A total of 213 differentiated thyroid cancer cases followed in our general surgery and endocrinology clinic between September 2016 and May 2020 were evaluated retrospectively. Based on the data in the files, the patients who underwent total thyroidectomy, and central, perithyroidal, and peritracheal lymph node dissection were included in the study. The patients were divided into four Groups according to tumor localizations, those with tumors adjacent to the trachea (Group 1), upper thyroid pole (Group 2), thyroid middle part (Group 3), thyroid inferior (Group 4).
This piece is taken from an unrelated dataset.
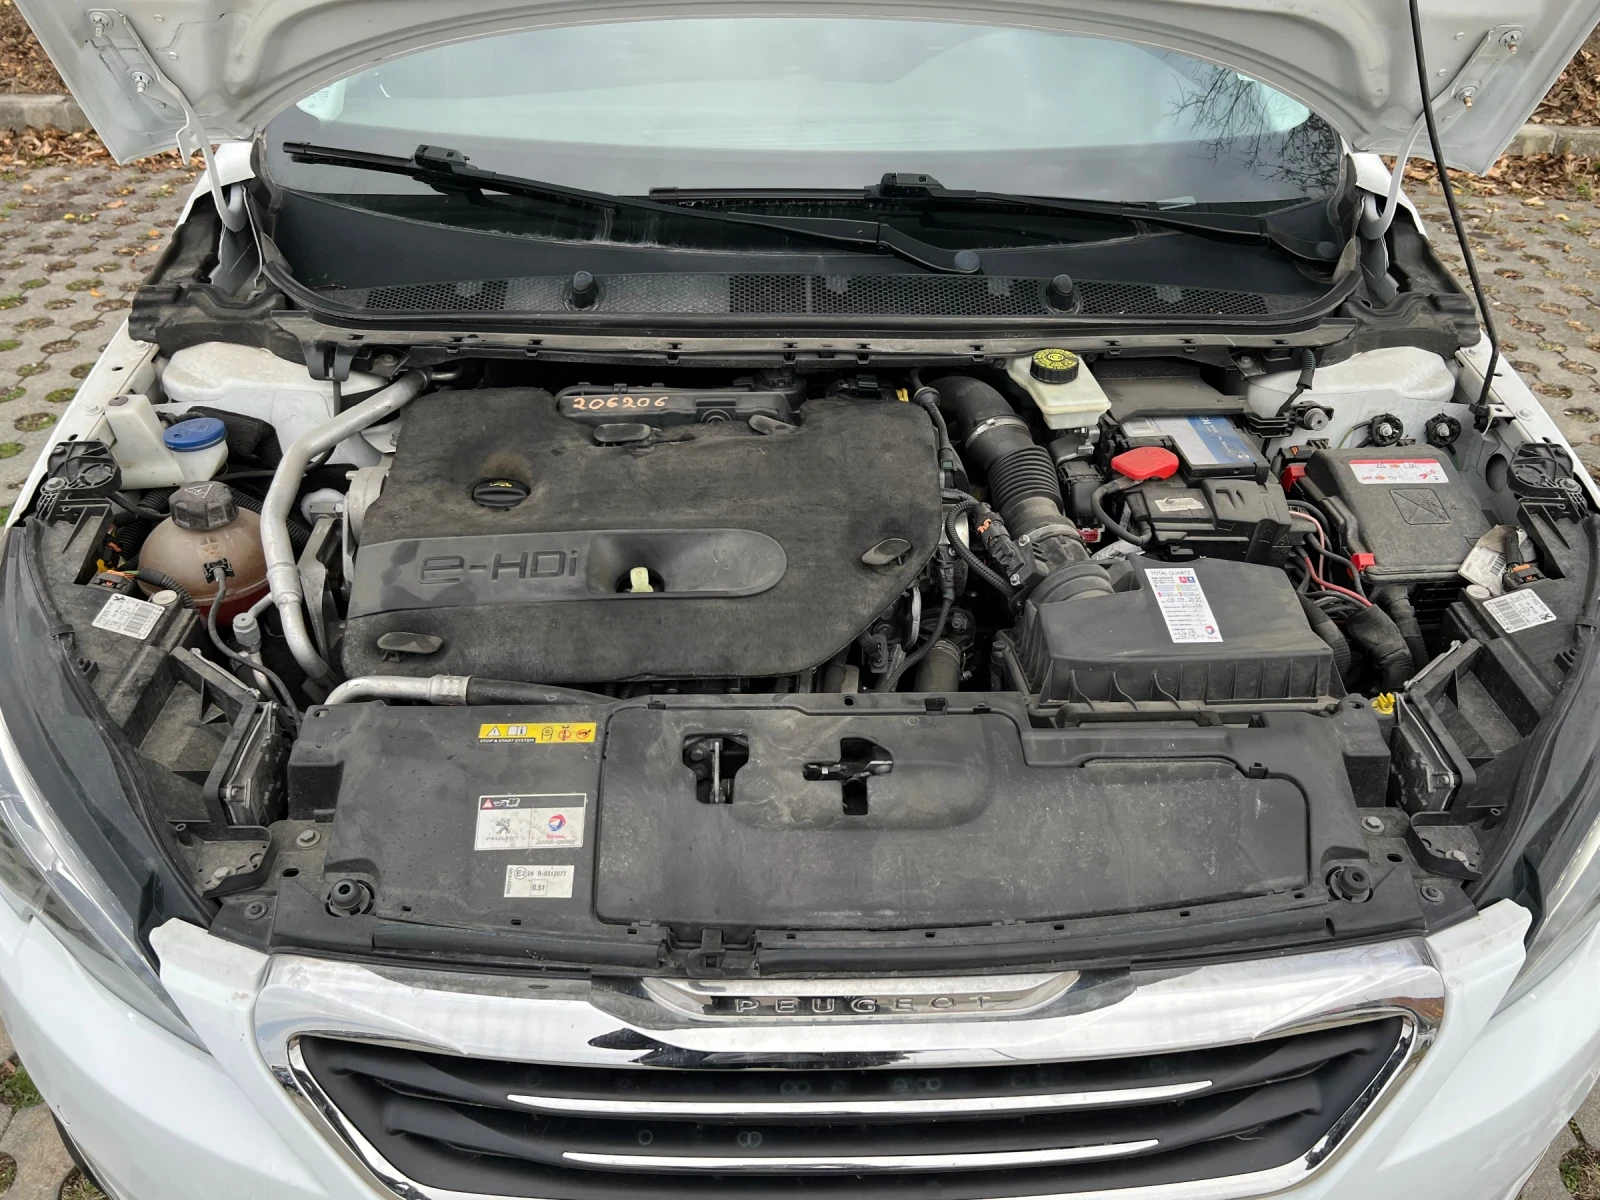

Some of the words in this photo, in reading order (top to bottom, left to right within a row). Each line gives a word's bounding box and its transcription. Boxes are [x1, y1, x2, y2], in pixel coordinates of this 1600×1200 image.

[572, 396, 669, 410] 206206
[418, 549, 579, 585] e-HDi
[735, 995, 992, 1013] PEUGEOT
The demographic characteristics, laboratory parameters, cancer types, and lymph node metastasis rates of the Groups were evaluated.

RESULTS

A total of 84% (179) of the cases had thyroid papillary cancer, 11.73% (25) had thyroid follicular cancer, and 4.2% (9) had poorly differentiated thyroid cancer. The mean age of all patients was found to be 49 ± 8.3 years, and the female/male ratio was 2.4. It was found that the differentiated thyroid cancers metastasized to the perithyroidal, peritracheal, and central lymph nodes at a rate of 57.74%. The distribution of these metastases according to the Groups was; 62.85% in Group 1, 11.53% in Group 2, 43.9% in Group 3, and 88.57% in Group 4. It was also found that 80.32% of the papillary cancer cases and 57.14% of the follicular cancer cases metastasized to central (level VI) lymph nodes in Group 4.

CONCLUSION

The localization of differentiated thyroid cancers is a new risk factor for perithyroidal metastases.

摘要

目的

分化型甲状腺癌常发生淋巴结转移。对于术中评估有镜下转移的患者,进行中央区淋巴结清扫术。中央区淋巴结清扫术的其他适应证包括肿瘤大小和颈部侧方淋巴结转移。我们认为甲状腺癌在甲状腺滤泡中的定位可能是中央淋巴结转移的另一个危险因素。因此,本研究旨在探讨无术前颈部转移且行甲状腺全切除术、甲状旁腺周围、甲状腺周围和中央区淋巴结清扫术的分化型甲状腺癌患者中,甲状腺癌定位与淋巴结转移之间的关系。

方法

回顾性分析 2016 年 9 月至 2020 年 5 月在我院普外科和内分泌科就诊的 213 例分化型甲状腺癌患者的临床资料。根据病历资料,纳入行甲状腺全切除术和中央区、甲状旁腺周围、甲状腺周围淋巴结清扫术的患者。根据肿瘤位置将患者分为 4 组,气管旁(第 1 组)、甲状腺上极(第 2 组)、甲状腺中部(第 3 组)、甲状腺下极(第 4 组)。评估各组患者的一般资料、实验室参数、肿瘤类型和淋巴结转移率。

结果

84%(179 例)的病例为甲状腺乳头状癌,11.73%(25 例)为甲状腺滤泡癌,4.2%(9 例)为低分化甲状腺癌。所有患者的平均年龄为 49±8.3 岁,男女比例为 2.4。研究发现分化型甲状腺癌向甲状腺周围、气管旁和中央淋巴结转移的比例为 57.74%。根据分组,这些转移的分布情况如下:第 1 组为 62.85%,第 2 组为 11.53%,第 3 组为 43.9%,第 4 组为 88.57%。研究还发现,第 4 组中 80.32%的乳头状癌和 57.14%的滤泡癌病例转移至中央(VI 区)淋巴结。

结论

分化型甲状腺癌的定位是甲状腺周围转移的一个新的危险因素。